## Information supplied
Content starts

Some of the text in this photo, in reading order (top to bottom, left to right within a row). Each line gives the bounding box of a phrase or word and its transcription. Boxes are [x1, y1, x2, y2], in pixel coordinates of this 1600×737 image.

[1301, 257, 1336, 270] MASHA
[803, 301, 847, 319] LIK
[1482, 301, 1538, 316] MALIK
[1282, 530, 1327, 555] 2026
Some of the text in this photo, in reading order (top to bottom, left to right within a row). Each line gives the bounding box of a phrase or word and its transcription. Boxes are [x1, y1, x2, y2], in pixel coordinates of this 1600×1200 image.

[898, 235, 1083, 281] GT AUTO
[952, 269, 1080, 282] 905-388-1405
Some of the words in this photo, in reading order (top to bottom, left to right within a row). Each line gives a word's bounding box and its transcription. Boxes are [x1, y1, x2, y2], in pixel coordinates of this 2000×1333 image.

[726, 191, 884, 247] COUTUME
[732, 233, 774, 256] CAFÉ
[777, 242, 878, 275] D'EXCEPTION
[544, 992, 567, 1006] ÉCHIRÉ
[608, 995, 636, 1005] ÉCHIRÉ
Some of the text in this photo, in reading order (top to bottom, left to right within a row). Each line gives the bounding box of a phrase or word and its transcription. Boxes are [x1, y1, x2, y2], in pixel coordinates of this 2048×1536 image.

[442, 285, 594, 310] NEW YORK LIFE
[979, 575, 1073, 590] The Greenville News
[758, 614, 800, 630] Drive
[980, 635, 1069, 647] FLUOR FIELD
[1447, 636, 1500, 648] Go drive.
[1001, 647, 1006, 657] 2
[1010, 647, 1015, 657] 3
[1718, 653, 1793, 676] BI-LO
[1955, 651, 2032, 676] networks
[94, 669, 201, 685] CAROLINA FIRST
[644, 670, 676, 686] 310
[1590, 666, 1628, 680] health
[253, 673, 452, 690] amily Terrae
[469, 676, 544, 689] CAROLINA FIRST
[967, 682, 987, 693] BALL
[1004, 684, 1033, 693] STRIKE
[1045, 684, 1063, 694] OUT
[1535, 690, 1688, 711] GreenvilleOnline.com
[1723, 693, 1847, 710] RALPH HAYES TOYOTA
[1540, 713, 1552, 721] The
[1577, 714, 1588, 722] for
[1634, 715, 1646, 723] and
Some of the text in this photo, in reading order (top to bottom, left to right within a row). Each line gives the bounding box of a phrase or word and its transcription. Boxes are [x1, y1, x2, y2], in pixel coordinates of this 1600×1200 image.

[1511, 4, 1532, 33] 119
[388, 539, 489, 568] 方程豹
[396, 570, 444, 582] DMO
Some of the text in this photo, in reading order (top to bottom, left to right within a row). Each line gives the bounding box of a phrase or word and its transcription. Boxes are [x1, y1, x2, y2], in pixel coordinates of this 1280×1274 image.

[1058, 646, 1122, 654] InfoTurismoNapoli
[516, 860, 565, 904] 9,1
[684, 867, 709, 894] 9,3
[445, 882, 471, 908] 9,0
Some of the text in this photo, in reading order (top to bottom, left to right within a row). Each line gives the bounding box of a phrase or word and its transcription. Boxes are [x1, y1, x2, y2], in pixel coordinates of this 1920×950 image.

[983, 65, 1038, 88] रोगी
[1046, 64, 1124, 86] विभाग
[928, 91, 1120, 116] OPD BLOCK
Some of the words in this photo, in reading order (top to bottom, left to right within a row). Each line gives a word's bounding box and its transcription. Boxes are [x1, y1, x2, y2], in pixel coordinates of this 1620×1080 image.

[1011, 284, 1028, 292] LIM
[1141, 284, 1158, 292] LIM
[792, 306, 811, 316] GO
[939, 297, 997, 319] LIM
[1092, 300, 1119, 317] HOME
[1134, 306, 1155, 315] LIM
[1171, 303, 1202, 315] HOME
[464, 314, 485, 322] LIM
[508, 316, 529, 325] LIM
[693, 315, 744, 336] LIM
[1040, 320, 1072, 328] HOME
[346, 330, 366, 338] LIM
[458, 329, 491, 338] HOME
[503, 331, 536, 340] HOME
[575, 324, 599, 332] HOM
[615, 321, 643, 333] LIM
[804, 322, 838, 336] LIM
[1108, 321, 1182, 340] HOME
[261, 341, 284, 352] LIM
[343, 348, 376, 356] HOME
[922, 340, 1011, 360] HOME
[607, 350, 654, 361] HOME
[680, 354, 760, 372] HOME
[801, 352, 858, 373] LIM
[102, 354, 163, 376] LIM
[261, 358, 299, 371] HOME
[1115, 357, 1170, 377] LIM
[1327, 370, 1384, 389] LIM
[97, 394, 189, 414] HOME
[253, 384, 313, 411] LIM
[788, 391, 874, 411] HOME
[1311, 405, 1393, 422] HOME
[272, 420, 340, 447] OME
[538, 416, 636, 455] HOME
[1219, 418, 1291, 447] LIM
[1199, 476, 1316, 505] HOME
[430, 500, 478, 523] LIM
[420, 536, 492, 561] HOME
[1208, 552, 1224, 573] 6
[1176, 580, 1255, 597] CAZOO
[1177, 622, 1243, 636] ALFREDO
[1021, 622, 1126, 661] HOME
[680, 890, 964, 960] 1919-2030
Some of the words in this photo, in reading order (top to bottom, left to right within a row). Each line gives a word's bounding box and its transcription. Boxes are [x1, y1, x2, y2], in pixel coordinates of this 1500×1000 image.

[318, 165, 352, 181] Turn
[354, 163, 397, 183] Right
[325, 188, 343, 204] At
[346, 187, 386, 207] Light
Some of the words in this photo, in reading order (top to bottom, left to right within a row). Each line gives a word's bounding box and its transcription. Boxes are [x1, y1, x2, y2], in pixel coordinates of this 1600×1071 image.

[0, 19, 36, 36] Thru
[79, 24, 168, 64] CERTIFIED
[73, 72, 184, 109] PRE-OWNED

Content ends

## What you should do
Every record, word for word, must be returned.

## Answer section
Some of the text in this photo, in reading order (top to bottom, left to right within a row). Each line gives the bounding box of a phrase or word and its transcription. Boxes are [x1, y1, x2, y2], in pixel coordinates of this 1600×737 image.

[1301, 257, 1336, 270] MASHA
[803, 301, 847, 319] LIK
[1482, 301, 1538, 316] MALIK
[1282, 530, 1327, 555] 2026
Some of the text in this photo, in reading order (top to bottom, left to right within a row). Each line gives the bounding box of a phrase or word and its transcription. Boxes are [x1, y1, x2, y2], in pixel coordinates of this 1600×1200 image.

[898, 235, 1083, 281] GT AUTO
[952, 269, 1080, 282] 905-388-1405
Some of the words in this photo, in reading order (top to bottom, left to right within a row). Each line gives a word's bounding box and its transcription. Boxes are [x1, y1, x2, y2], in pixel coordinates of this 2000×1333 image.

[726, 191, 884, 247] COUTUME
[732, 233, 774, 256] CAFÉ
[777, 242, 878, 275] D'EXCEPTION
[544, 992, 567, 1006] ÉCHIRÉ
[608, 995, 636, 1005] ÉCHIRÉ
Some of the text in this photo, in reading order (top to bottom, left to right within a row). Each line gives the bounding box of a phrase or word and its transcription. Boxes are [x1, y1, x2, y2], in pixel coordinates of this 2048×1536 image.

[442, 285, 594, 310] NEW YORK LIFE
[979, 575, 1073, 590] The Greenville News
[758, 614, 800, 630] Drive
[980, 635, 1069, 647] FLUOR FIELD
[1447, 636, 1500, 648] Go drive.
[1001, 647, 1006, 657] 2
[1010, 647, 1015, 657] 3
[1718, 653, 1793, 676] BI-LO
[1955, 651, 2032, 676] networks
[94, 669, 201, 685] CAROLINA FIRST
[644, 670, 676, 686] 310
[1590, 666, 1628, 680] health
[253, 673, 452, 690] amily Terrae
[469, 676, 544, 689] CAROLINA FIRST
[967, 682, 987, 693] BALL
[1004, 684, 1033, 693] STRIKE
[1045, 684, 1063, 694] OUT
[1535, 690, 1688, 711] GreenvilleOnline.com
[1723, 693, 1847, 710] RALPH HAYES TOYOTA
[1540, 713, 1552, 721] The
[1577, 714, 1588, 722] for
[1634, 715, 1646, 723] and
Some of the text in this photo, in reading order (top to bottom, left to right within a row). Each line gives the bounding box of a phrase or word and its transcription. Boxes are [x1, y1, x2, y2], in pixel coordinates of this 1600×1200 image.

[1511, 4, 1532, 33] 119
[388, 539, 489, 568] 方程豹
[396, 570, 444, 582] DMO
Some of the text in this photo, in reading order (top to bottom, left to right within a row). Each line gives the bounding box of a phrase or word and its transcription. Boxes are [x1, y1, x2, y2], in pixel coordinates of this 1280×1274 image.

[1058, 646, 1122, 654] InfoTurismoNapoli
[516, 860, 565, 904] 9,1
[684, 867, 709, 894] 9,3
[445, 882, 471, 908] 9,0
Some of the text in this photo, in reading order (top to bottom, left to right within a row). Each line gives the bounding box of a phrase or word and its transcription. Boxes are [x1, y1, x2, y2], in pixel coordinates of this 1920×950 image.

[983, 65, 1038, 88] रोगी
[1046, 64, 1124, 86] विभाग
[928, 91, 1120, 116] OPD BLOCK
Some of the words in this photo, in reading order (top to bottom, left to right within a row). Each line gives a word's bounding box and its transcription. Boxes are [x1, y1, x2, y2], in pixel coordinates of this 1620×1080 image.

[1011, 284, 1028, 292] LIM
[1141, 284, 1158, 292] LIM
[792, 306, 811, 316] GO
[939, 297, 997, 319] LIM
[1092, 300, 1119, 317] HOME
[1134, 306, 1155, 315] LIM
[1171, 303, 1202, 315] HOME
[464, 314, 485, 322] LIM
[508, 316, 529, 325] LIM
[693, 315, 744, 336] LIM
[1040, 320, 1072, 328] HOME
[346, 330, 366, 338] LIM
[458, 329, 491, 338] HOME
[503, 331, 536, 340] HOME
[575, 324, 599, 332] HOM
[615, 321, 643, 333] LIM
[804, 322, 838, 336] LIM
[1108, 321, 1182, 340] HOME
[261, 341, 284, 352] LIM
[343, 348, 376, 356] HOME
[922, 340, 1011, 360] HOME
[607, 350, 654, 361] HOME
[680, 354, 760, 372] HOME
[801, 352, 858, 373] LIM
[102, 354, 163, 376] LIM
[261, 358, 299, 371] HOME
[1115, 357, 1170, 377] LIM
[1327, 370, 1384, 389] LIM
[97, 394, 189, 414] HOME
[253, 384, 313, 411] LIM
[788, 391, 874, 411] HOME
[1311, 405, 1393, 422] HOME
[272, 420, 340, 447] OME
[538, 416, 636, 455] HOME
[1219, 418, 1291, 447] LIM
[1199, 476, 1316, 505] HOME
[430, 500, 478, 523] LIM
[420, 536, 492, 561] HOME
[1208, 552, 1224, 573] 6
[1176, 580, 1255, 597] CAZOO
[1177, 622, 1243, 636] ALFREDO
[1021, 622, 1126, 661] HOME
[680, 890, 964, 960] 1919-2030
Some of the words in this photo, in reading order (top to bottom, left to right within a row). Each line gives a word's bounding box and its transcription. Boxes are [x1, y1, x2, y2], in pixel coordinates of this 1500×1000 image.

[318, 165, 352, 181] Turn
[354, 163, 397, 183] Right
[325, 188, 343, 204] At
[346, 187, 386, 207] Light
Some of the words in this photo, in reading order (top to bottom, left to right within a row). Each line gives a word's bounding box and its transcription. Boxes are [x1, y1, x2, y2], in pixel coordinates of this 1600×1071 image.

[0, 19, 36, 36] Thru
[79, 24, 168, 64] CERTIFIED
[73, 72, 184, 109] PRE-OWNED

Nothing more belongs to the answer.